6 Tips to Prevent Common Football Injuries
While it is impossible to prevent every football injury, there are steps that players can take to minimize their risk of sustaining one or more of the most common injuries that plague devotees of the game. The following tips are common sense measures that every young athlete, parent, and coach should keep uppermost in their minds during football season.
- Pre-Season Physical – All players should undergo a pre-season physical to determine their readiness to play. A full physical examination prior to the start of season gives the player’s primary physician the opportunity to uncover any underlying conditions that may limit participation or suggest a higher risk factor for certain injuries.
- Warm Up and Stretch – All players should take the time to warm up before training and game-play. This is a particularly important step in the prevention of muscle and joint injuries. Cold muscles are much more prone to injury, and regular warm ups can go a long way towards preventing many common football injuries. Recent studies have shown that a dynamic warm up prevents sports injuries, but stretching does not seem to prevent sports injury.
- Cool Down and Stretch – Stretching at the end of practice, and following a game, helps to reduce soreness and keeps the muscles long and flexible. A cool down routine following play helps lessen muscle soreness.
- Hydration –Dehydration can impact a player’s health and performance. Players should always make it a point to remain hydrated throughout the day before training and game play, drinking water as needed. It is also important to avoid sugary and highly caffeinated drinks.

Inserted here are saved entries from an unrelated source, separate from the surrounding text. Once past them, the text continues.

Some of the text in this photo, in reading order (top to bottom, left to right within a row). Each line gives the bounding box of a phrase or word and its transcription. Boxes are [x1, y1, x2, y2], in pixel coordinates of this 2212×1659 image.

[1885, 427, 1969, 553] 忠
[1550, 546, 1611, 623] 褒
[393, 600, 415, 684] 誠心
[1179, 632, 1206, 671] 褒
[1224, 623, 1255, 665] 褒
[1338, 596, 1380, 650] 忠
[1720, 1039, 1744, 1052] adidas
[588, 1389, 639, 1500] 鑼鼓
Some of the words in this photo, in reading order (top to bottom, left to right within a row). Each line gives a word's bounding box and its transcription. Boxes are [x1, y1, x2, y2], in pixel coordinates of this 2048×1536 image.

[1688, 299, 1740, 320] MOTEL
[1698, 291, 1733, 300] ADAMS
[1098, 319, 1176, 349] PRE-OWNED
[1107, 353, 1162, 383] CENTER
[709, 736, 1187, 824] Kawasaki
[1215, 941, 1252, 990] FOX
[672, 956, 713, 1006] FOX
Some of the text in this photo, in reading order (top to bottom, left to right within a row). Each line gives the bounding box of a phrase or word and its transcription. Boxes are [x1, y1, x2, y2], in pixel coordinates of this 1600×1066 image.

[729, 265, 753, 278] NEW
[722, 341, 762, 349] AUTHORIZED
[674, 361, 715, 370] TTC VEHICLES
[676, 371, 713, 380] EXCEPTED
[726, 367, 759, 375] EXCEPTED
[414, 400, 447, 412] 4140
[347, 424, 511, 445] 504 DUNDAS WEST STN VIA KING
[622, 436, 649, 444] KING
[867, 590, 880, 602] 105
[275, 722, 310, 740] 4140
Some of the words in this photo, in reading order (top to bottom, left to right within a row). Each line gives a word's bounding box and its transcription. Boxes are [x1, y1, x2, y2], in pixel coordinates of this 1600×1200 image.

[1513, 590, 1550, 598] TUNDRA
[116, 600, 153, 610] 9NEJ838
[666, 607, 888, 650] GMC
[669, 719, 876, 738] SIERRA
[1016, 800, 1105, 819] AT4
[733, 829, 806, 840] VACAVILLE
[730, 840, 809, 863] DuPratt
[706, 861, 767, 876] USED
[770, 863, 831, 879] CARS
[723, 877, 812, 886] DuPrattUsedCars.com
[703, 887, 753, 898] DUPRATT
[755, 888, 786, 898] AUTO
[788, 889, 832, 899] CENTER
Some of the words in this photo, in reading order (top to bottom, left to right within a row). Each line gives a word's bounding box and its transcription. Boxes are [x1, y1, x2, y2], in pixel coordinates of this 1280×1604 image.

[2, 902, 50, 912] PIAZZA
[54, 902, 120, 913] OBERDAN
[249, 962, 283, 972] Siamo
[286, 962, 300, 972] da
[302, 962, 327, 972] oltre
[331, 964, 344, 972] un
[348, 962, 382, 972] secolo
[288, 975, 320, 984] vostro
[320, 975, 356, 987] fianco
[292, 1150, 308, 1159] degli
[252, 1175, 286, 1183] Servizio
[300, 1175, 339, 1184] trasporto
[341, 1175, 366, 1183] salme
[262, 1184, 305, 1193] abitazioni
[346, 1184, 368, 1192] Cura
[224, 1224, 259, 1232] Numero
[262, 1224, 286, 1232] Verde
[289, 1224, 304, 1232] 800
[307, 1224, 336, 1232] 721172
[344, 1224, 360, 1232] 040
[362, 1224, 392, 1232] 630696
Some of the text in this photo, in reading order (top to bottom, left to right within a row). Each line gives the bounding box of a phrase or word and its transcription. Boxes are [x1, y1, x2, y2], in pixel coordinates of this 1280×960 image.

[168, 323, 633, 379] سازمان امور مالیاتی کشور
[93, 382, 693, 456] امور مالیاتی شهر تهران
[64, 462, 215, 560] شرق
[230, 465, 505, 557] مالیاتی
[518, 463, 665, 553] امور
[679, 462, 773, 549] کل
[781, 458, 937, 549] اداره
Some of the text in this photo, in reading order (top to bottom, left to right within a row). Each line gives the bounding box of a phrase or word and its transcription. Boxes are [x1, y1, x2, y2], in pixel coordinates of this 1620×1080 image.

- Nutrition -Players need to eat during the day before games. Many players feel too nervous to eat before games. During the game they sweat and loose too much of their bodies salt. This can cause muscle cramps due to a lack of salt in their body. This can be severe if players don’t eat anything salty all day, but continue to drink water. Avoid this by eating a normal diet and drinking water only when you are thirsty.
- Rest and Rehab – One of the most important things that every athlete requires is rest. Prior to training or a big game, players should make a point of getting the proper amount of sleep the night before. Post-injury rest is even more important, and while it is tempting to want to get right back in the game injured players must take time out for rest and rehabilitation. Returning to the game too soon, and even returning to practice ahead of schedule, can lead to further injuries.
Off Season Fitness and Prevention
It has become relatively common for student athletes to play sports year round without a regular seasonal break. While the natural desire to keep active is to be encouraged, playing and training year round for any sport can be dangerous and can lead to a shortened athletic career. The constant stresses and strains placed upon the player’s body, without a seasonal break for rest and rehabilitation, can lead to a higher risk for both overuse and traumatic injuries. Football players at every age should take advantage of the off-season to let their bodies heal and regenerate. During the off-season players should maintain a balanced fitness program, concentrating on aerobic exercise and strength training. As football season approaches, players can increase their exercise routines to ensure that they are in peak physical condition by the start of the season.
Football will always be a rough and tumble game, and there is no way to entirely prevent all of the injuries so commonly associated with the sport. Help prevent common football injuries by taking the safegaurds that have been proven to help athletes of all ages lower their risk. As long as young athletes take to the field with rigorous determination, some of them will end up temporarily sidelined by a game related injury. But many football related injuries, and their ultimate severity, can be greatly reduced when players take the necessary preventative measures to protect their bodies and their athletic careers.